Le litige au principal et la question préjudicielle
21 M. A, résident allemand, est décédé au cours de l’année 2016. Il a légué à son fils, BA, résidant également en Allemagne, par un acte authentique établi en 2013, sa demi-part dans un patrimoine immobilier situé au Canada. Les biens immobiliers composant ce patrimoine sont loués à des fins résidentielles et ne font pas partie d’un patrimoine professionnel.
22 Par décision du 17 juillet 2017, le bureau des impôts X a fixé le montant des droits de succession dus par BA en Allemagne sur l’ensemble de la dévolution patrimoniale. Aux fins du calcul de ces droits, les biens immobiliers situés au Canada ont été évalués à leur pleine valeur vénale.
23 Par lettre du 19 mars 2018, BA a demandé la modification du montant des droits de succession afin que ces biens soient évalués à 90 % de leur valeur vénale, conformément à l’article 13c, paragraphe 1, de l’ErbStG. BA a fait valoir que les biens immobiliers en cause remplissaient les conditions pour bénéficier de cet avantage fiscal à la seule exception de celle prévue au paragraphe 3, point 2, de cet article, qui exige que le bien immobilier soit situé en Allemagne, dans un autre État membre ou dans un État partie à l’accord EEE. Il a soutenu que cette dernière disposition portait atteinte à la libre circulation des capitaux entre les États membres et les pays tiers, consacrée à l’article 63 TFUE.
24 Par décision du 25 avril 2018, le bureau des impôts X a rejeté la demande de modification présentée par BA puis, par décision du 23 avril 2019, la réclamation que celui-ci avait introduite.
25 Le bureau des impôts X a estimé que la différence de traitement entre les biens immobiliers loués à des fins résidentielles, situés dans un État tiers autre qu’un État partie à l’accord EEE, et les biens de même nature, situés en Allemagne, dans un autre État membre ou dans un État partie à l’accord EEE, n’était pas contraire à l’article 63 TFUE.

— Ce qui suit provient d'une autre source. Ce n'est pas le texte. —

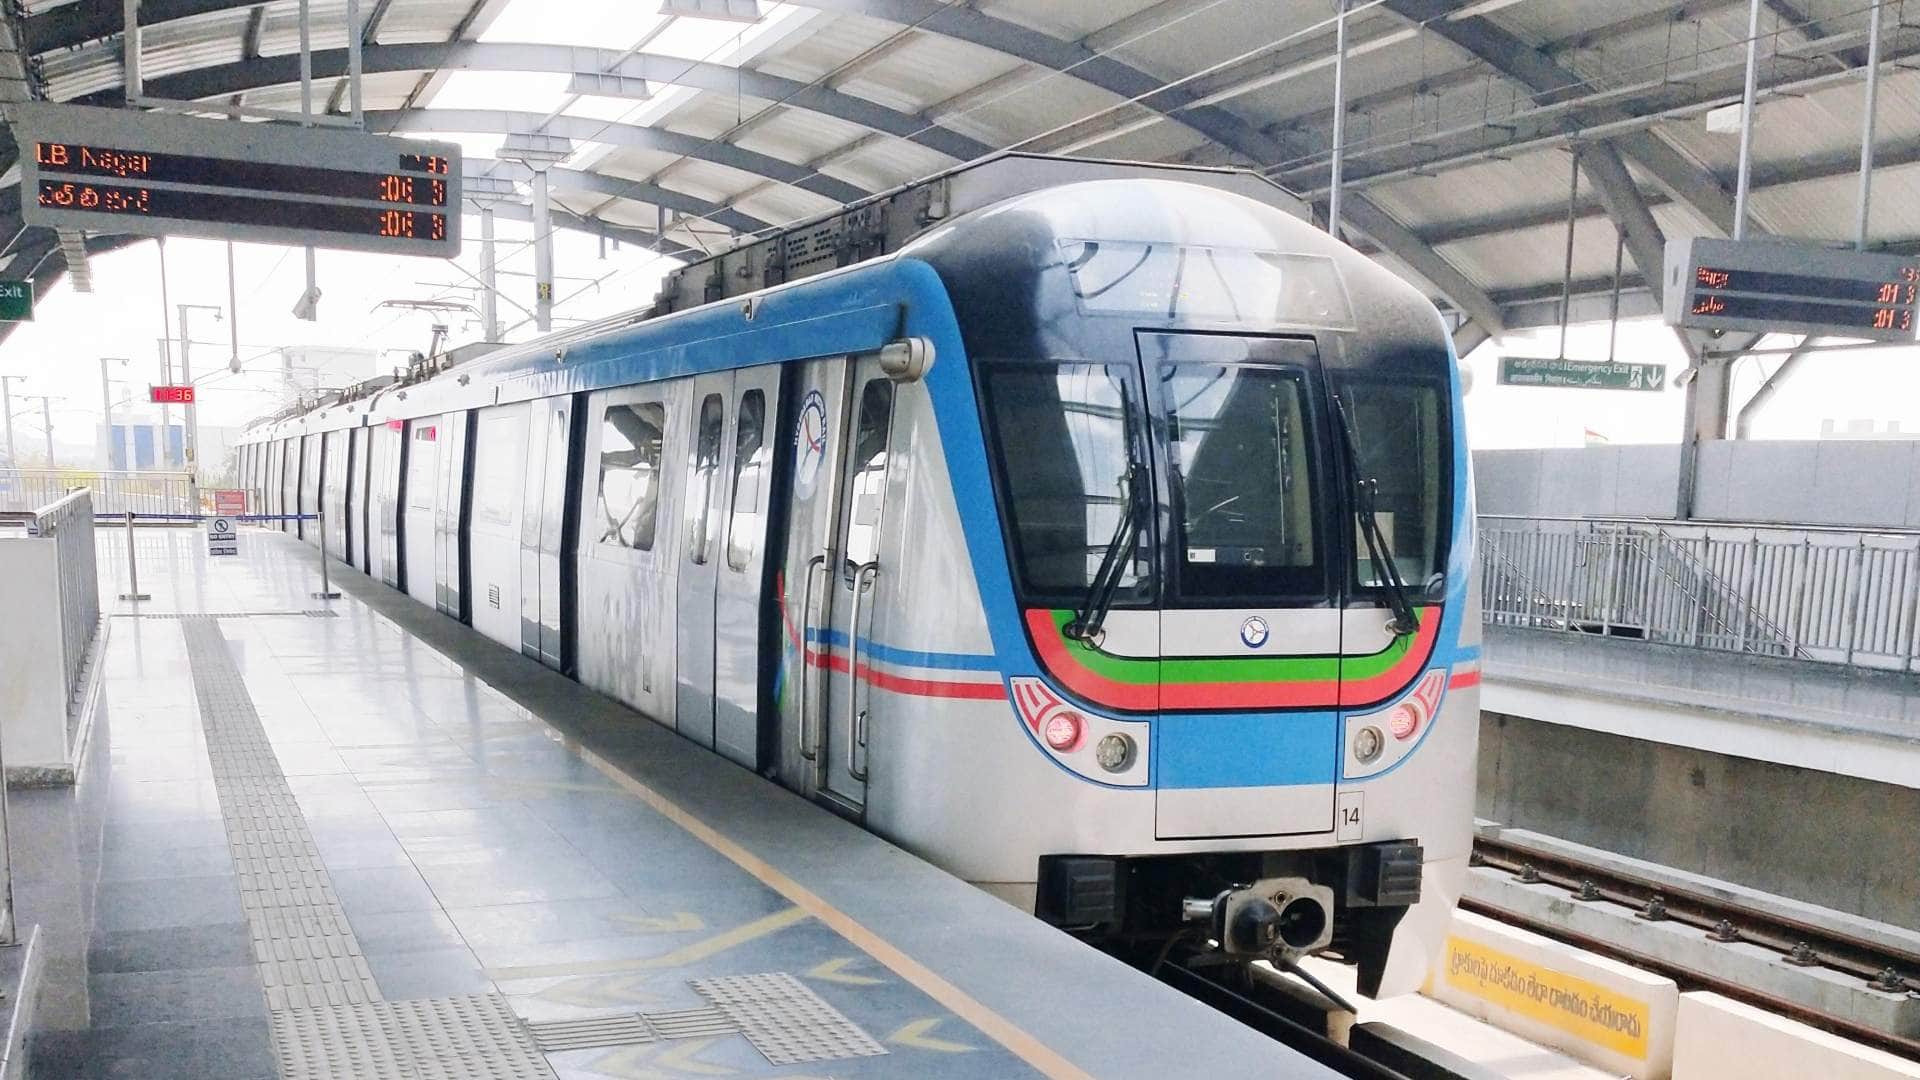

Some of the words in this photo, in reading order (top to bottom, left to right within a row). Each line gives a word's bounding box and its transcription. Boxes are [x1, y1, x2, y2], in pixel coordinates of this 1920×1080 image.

26 La Cour aurait considéré, dans son arrêt du 22 avril 2010, Mattner (C 510/08, EU:C:2010:216), qu’il existe une restriction à la libre circulation des capitaux lorsqu’un abattement sur les bases imposables dépend du lieu de résidence des intéressés. De même, dans son arrêt du 17 janvier 2008, Jäger (C 256/06, EU:C:2008:20), elle aurait jugé que l’octroi d’avantages fiscaux en matière de droits de succession à la condition que le bien acquis par voie de succession soit situé sur le territoire national constitue une restriction à la libre circulation des capitaux prohibée, en principe, par l’article 63 TFUE. Cependant, le bureau des impôts X a estimé que ces jurisprudences ne s’appliquaient pas à une réglementation nationale, telle que celle en cause au principal, qui exclut du champ d’un avantage fiscal des biens immobliers situés dans un État tiers qui n’est pas partie à l’accord EEE.
27 Le 24 mai 2019, BA a introduit un recours devant le Finanzgericht Köln (tribunal des finances de Cologne, Allemagne), la juridiction de renvoi, tendant, en substance, à l’annulation de la décision du 25 avril 2018.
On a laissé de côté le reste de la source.